From the first line to the last, retype the records exactly without their images.

*** Begin section ***

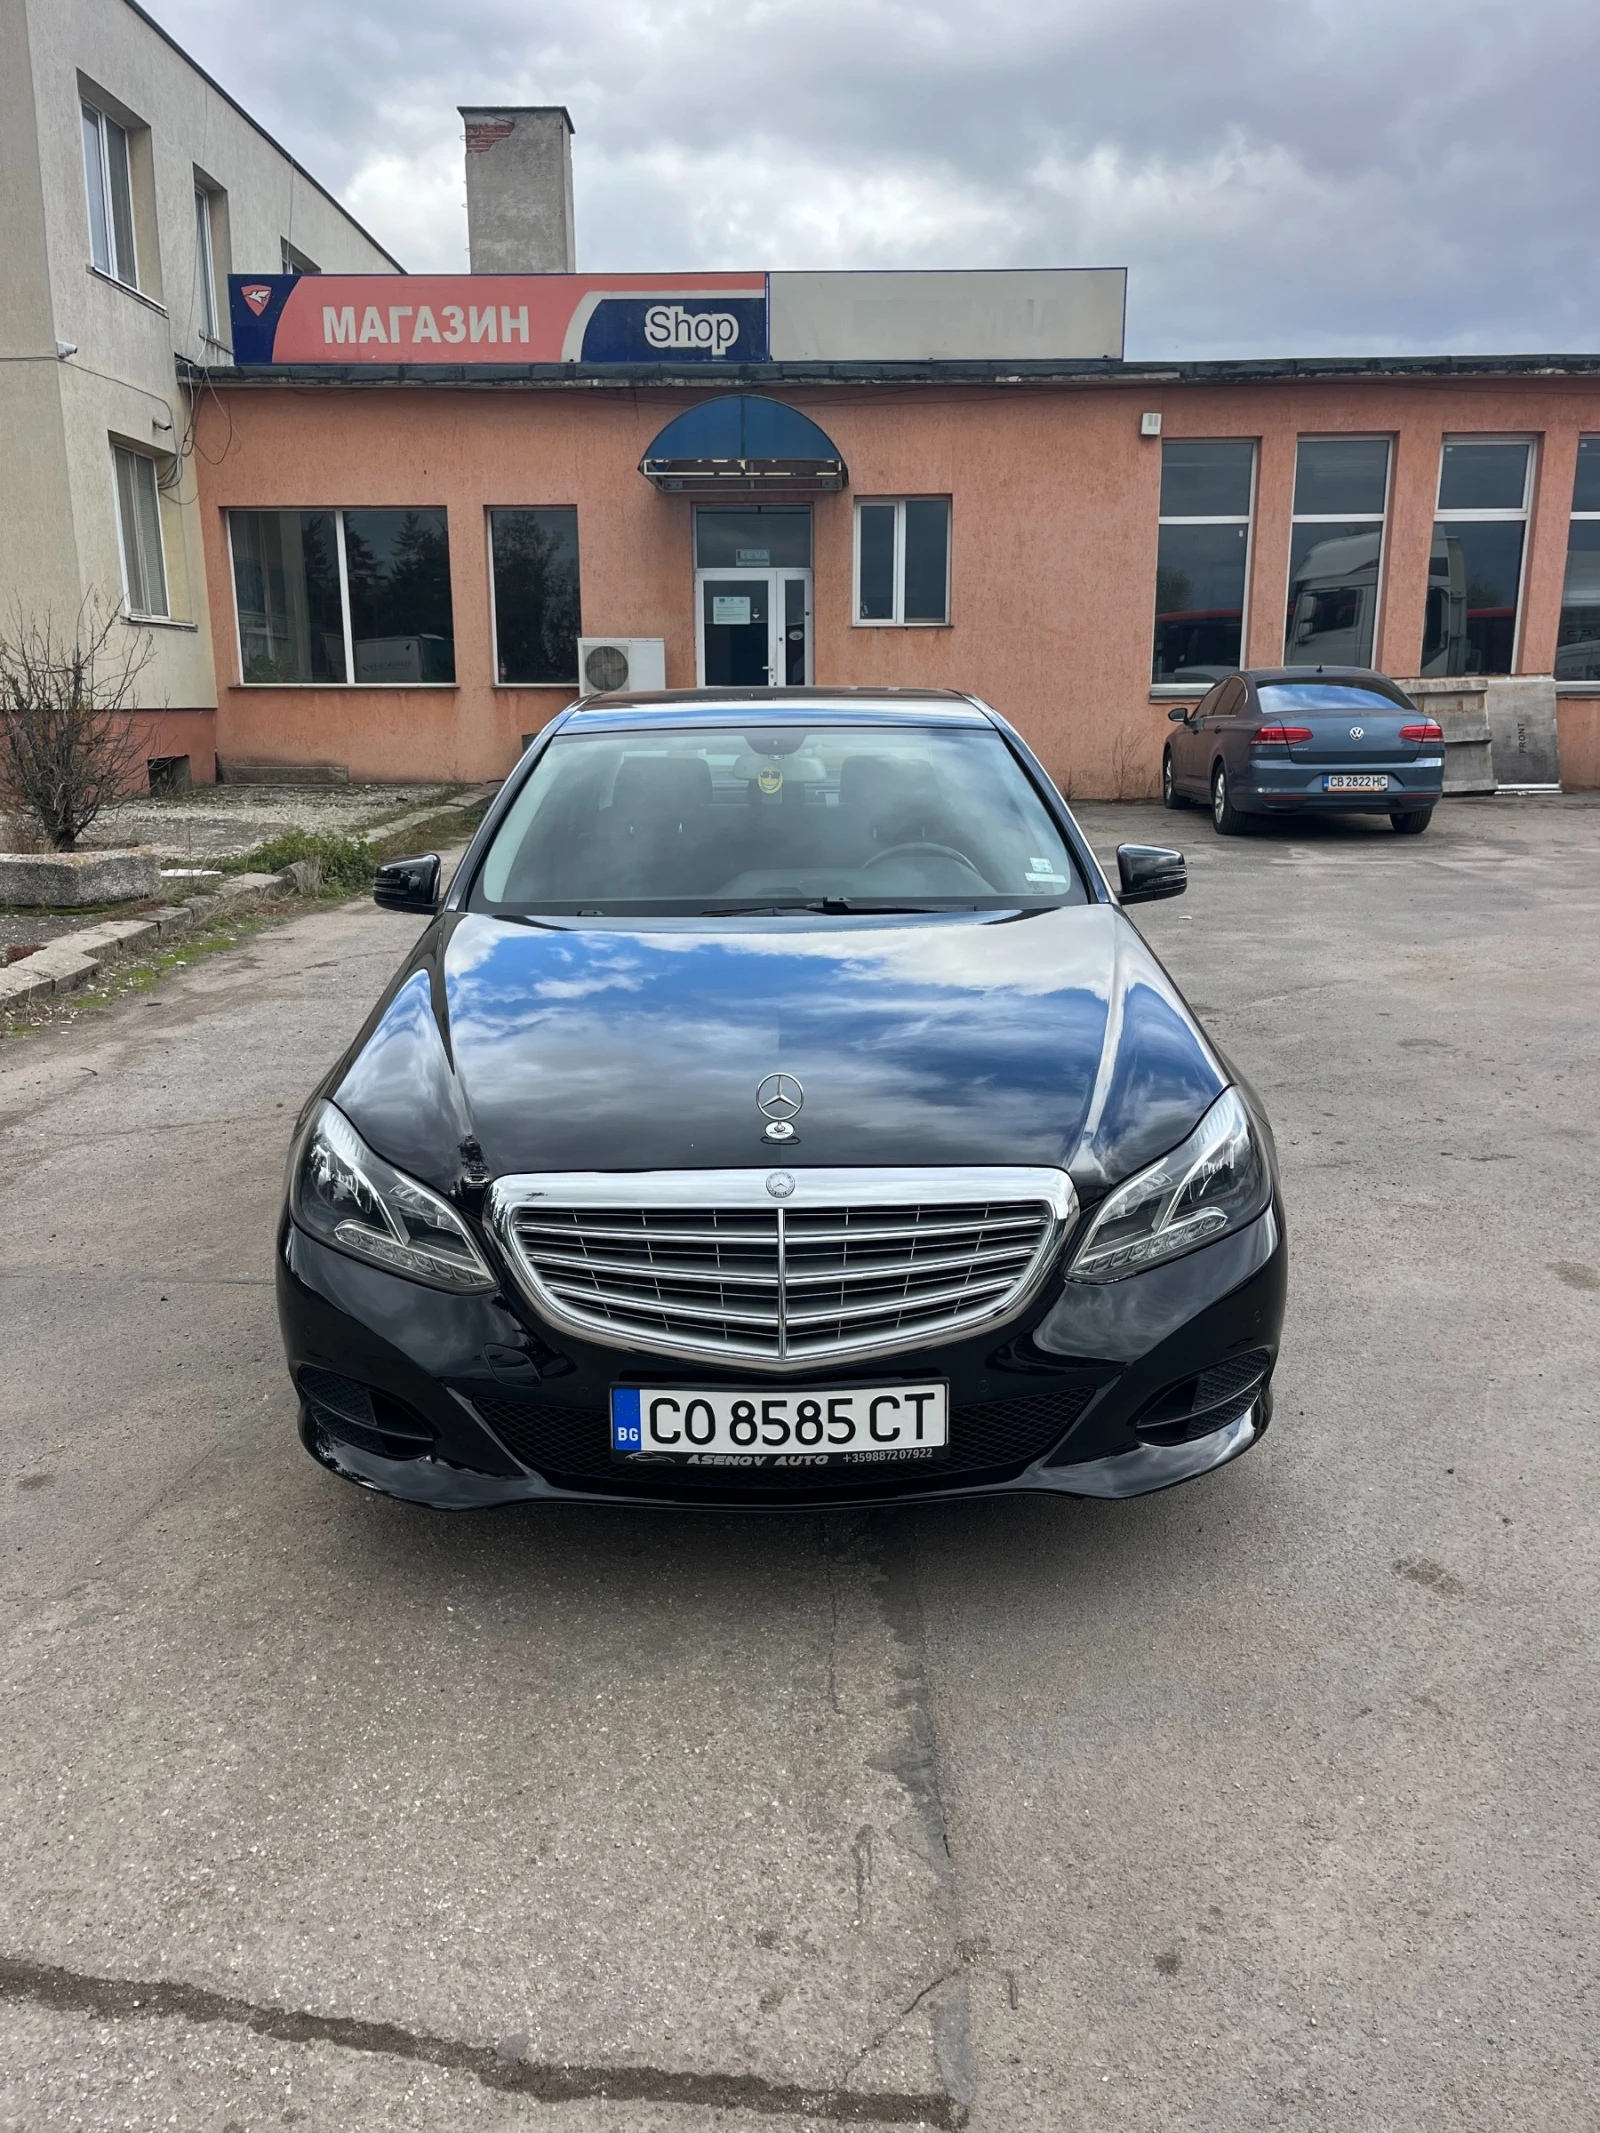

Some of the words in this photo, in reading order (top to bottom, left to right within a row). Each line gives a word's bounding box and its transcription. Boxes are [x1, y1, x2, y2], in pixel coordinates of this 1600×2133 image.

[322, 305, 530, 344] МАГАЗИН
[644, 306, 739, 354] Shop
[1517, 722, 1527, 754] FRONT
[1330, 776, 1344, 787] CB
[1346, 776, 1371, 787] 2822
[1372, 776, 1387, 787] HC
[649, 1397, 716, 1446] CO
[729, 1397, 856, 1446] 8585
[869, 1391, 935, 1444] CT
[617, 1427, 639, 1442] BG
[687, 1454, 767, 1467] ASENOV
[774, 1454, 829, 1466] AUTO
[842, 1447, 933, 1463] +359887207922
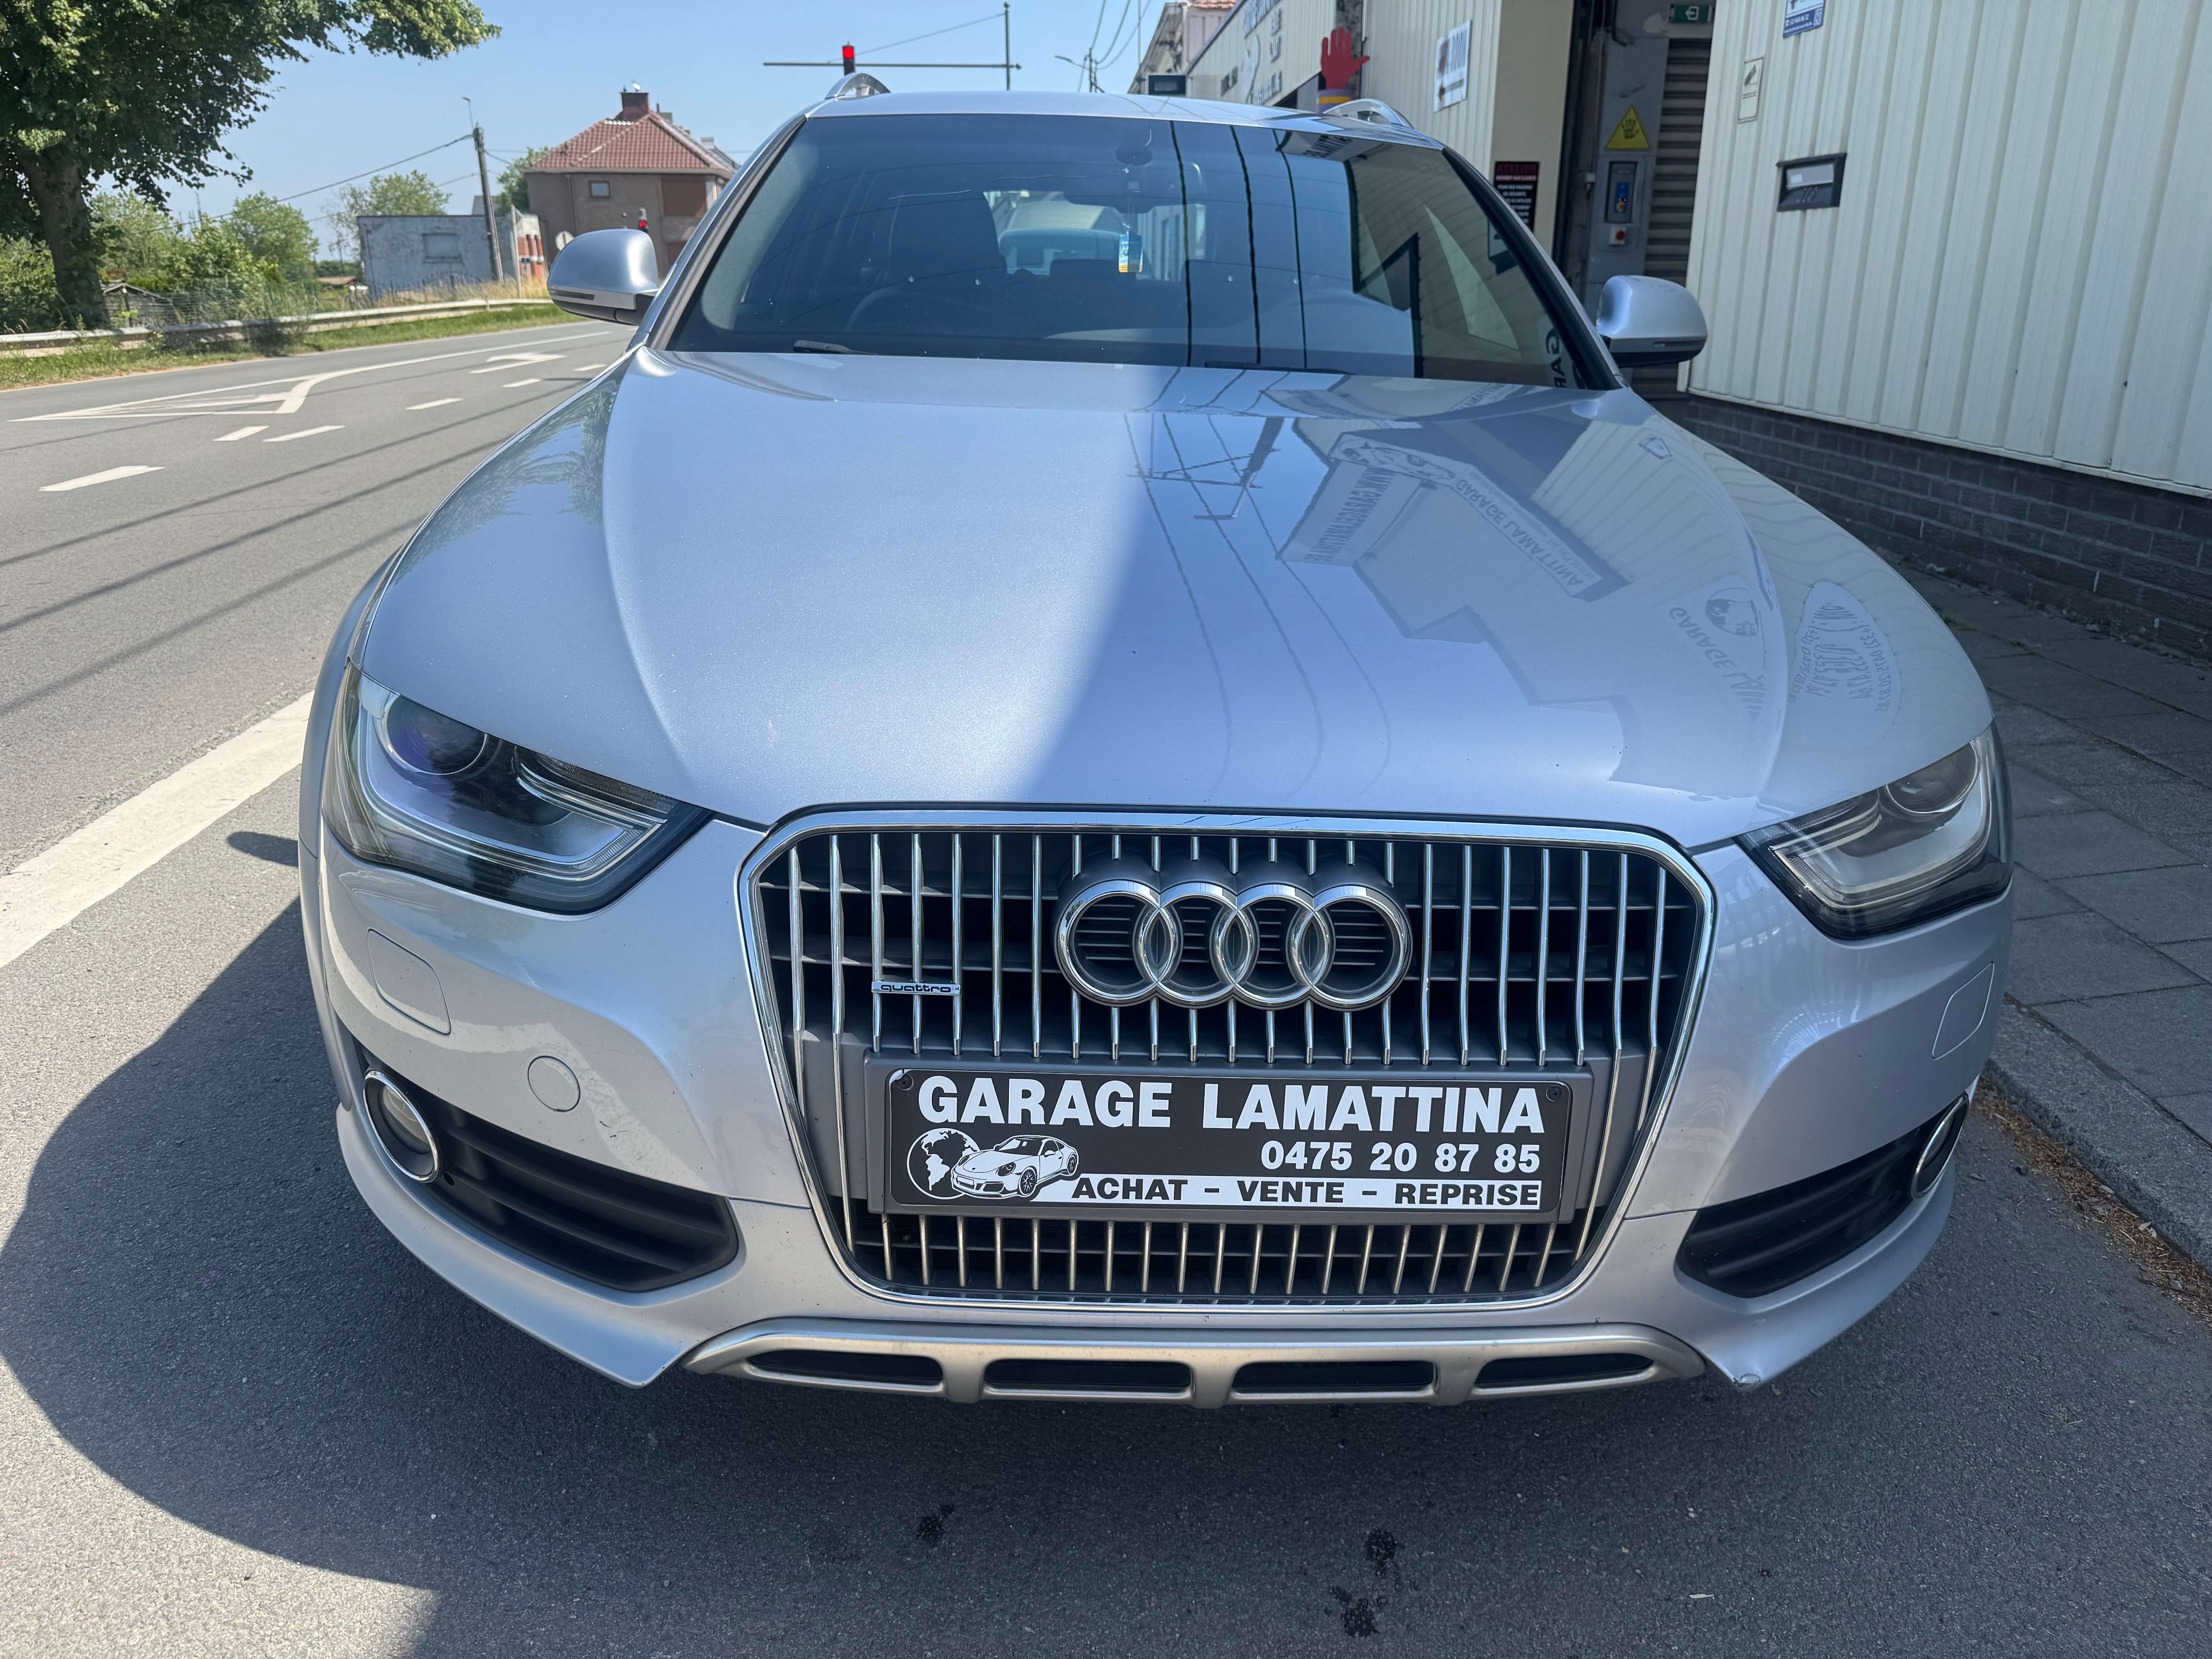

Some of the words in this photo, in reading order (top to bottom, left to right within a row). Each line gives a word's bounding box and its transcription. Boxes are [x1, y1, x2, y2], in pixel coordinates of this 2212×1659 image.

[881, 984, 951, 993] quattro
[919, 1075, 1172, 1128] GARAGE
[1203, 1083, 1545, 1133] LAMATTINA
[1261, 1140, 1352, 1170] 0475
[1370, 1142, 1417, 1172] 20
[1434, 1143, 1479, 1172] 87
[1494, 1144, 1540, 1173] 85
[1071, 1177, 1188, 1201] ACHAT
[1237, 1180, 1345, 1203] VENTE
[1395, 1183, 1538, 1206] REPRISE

*** End section ***

- Solution below:
Some of the words in this photo, in reading order (top to bottom, left to right within a row). Each line gives a word's bounding box and its transcription. Boxes are [x1, y1, x2, y2], in pixel coordinates of this 1600×2133 image.

[322, 305, 530, 344] МАГАЗИН
[644, 306, 739, 354] Shop
[1517, 722, 1527, 754] FRONT
[1330, 776, 1344, 787] CB
[1346, 776, 1371, 787] 2822
[1372, 776, 1387, 787] HC
[649, 1397, 716, 1446] CO
[729, 1397, 856, 1446] 8585
[869, 1391, 935, 1444] CT
[617, 1427, 639, 1442] BG
[687, 1454, 767, 1467] ASENOV
[774, 1454, 829, 1466] AUTO
[842, 1447, 933, 1463] +359887207922

Some of the words in this photo, in reading order (top to bottom, left to right within a row). Each line gives a word's bounding box and its transcription. Boxes are [x1, y1, x2, y2], in pixel coordinates of this 2212×1659 image.

[881, 984, 951, 993] quattro
[919, 1075, 1172, 1128] GARAGE
[1203, 1083, 1545, 1133] LAMATTINA
[1261, 1140, 1352, 1170] 0475
[1370, 1142, 1417, 1172] 20
[1434, 1143, 1479, 1172] 87
[1494, 1144, 1540, 1173] 85
[1071, 1177, 1188, 1201] ACHAT
[1237, 1180, 1345, 1203] VENTE
[1395, 1183, 1538, 1206] REPRISE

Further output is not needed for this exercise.